1.8 利用HPLC-ICP-MS检测分析底物或产物采用HPLC-ICP-MS测定砷的形态,所用的分离柱为Hamilton PRP-X100 (250 mm×4.6 mm)阴离子交换柱,采用8.5 mmol/L的NH4NO3和8.5 mmol/L的NH4H2PO4溶液(用氨水调pH至6.0)作为流动相,流速为1.2 mL/min,形态分析所用的标准物质包括了以下4种物质:As(Ⅲ)、MAs(Ⅲ)、MAs(V)和As(V)。根据出峰面积的大小,定量样品中每个形态砷的含量。
1.9 实时定量PCR为确定菌株FJ-6转化MAs(Ⅲ)过程中MAs(Ⅲ)脱甲基酶基因为组成型转录表达还是诱导型转录表达。
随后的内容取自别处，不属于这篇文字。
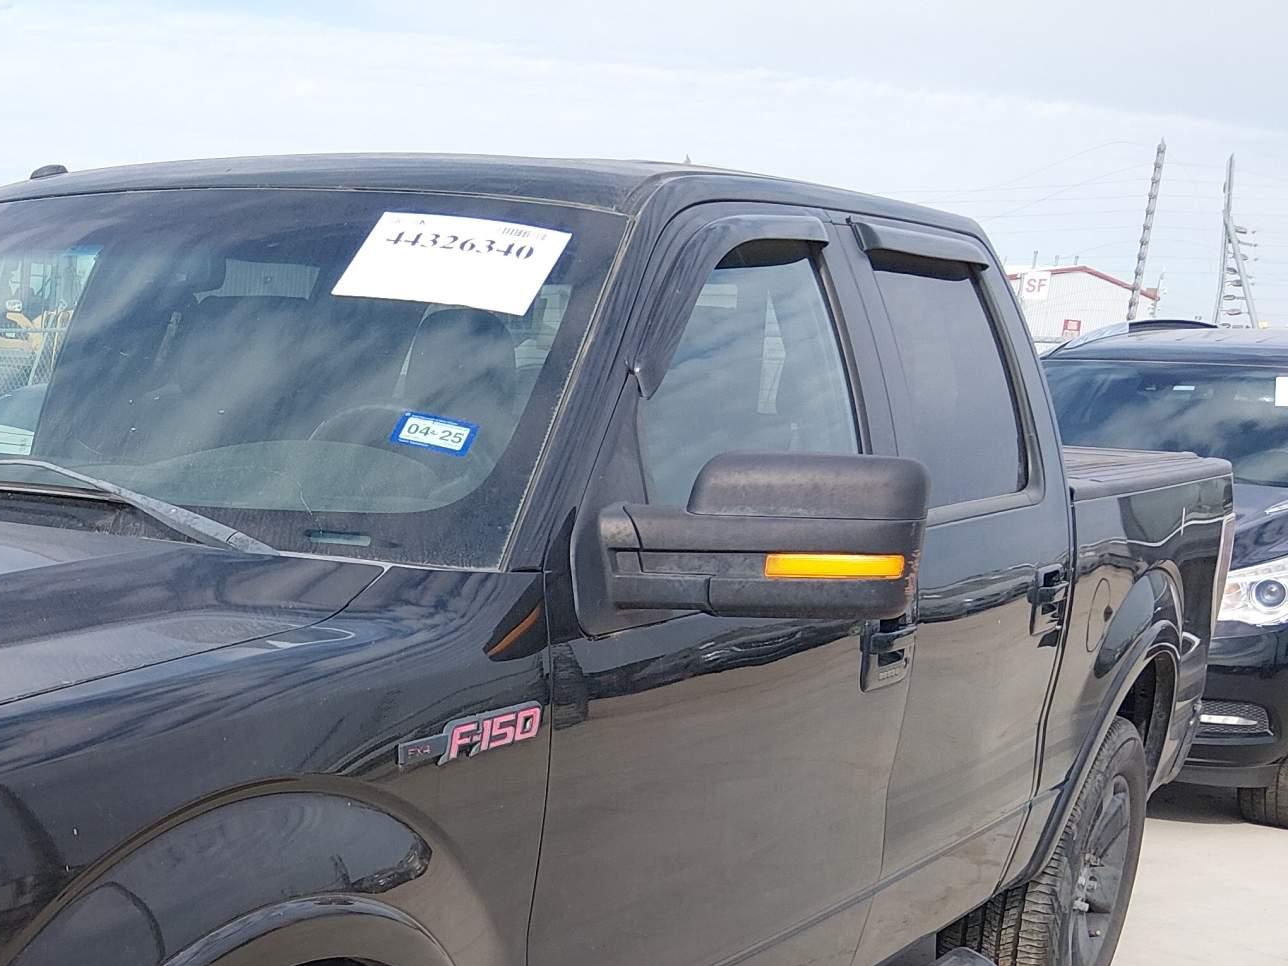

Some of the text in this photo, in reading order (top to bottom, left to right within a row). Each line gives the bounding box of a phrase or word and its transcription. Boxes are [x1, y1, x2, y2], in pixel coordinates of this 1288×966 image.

本研究将MAs(Ⅲ)脱甲基酶基因arsI进行实时定量PCR,以1%的接种量将菌株FJ-6接种到20×ST液体培养基中,37 ℃、180 r/min振荡培养至OD600≈0.5,加入1 μmol/L MAs(Ⅲ)、10 μmol/L As(Ⅲ)和10 μmol/L As(V),同时设置不加底物作为对照,继续培养约8 h。利用试剂盒提取RNA并反转录成cDNA,以菌株FJ-6的DNA旋转酶B亚单位编码基因gyrB作为内参基因(对照),以gyrBf (5′-CGGTGTAGGTGCCTCAGTT-3′)和gyrBr (5′-TTCCGCCTTCGTAATGGT-3′)作为gyrB基因的引物,以arsIf1 (5′-TCAACCTGTGA AAACGAAAAT-3′)和arsIr1 (5′-TCTACTTGGAA GCCGAAATG-3′)作为扩增arsI基因的引物,根据TaKaRa试剂盒SYBRⓇPremix ExTaqTM说明进行实时定量PCR测定。检测在MAs(Ⅲ)脱甲基过程中arsI的转录类型和转录水平。对加入As(Ⅲ)、As(V)和MAs(Ⅲ)诱导后arsI基因的相对转录表达量利用2-ΔΔCt方法进行分析[13]。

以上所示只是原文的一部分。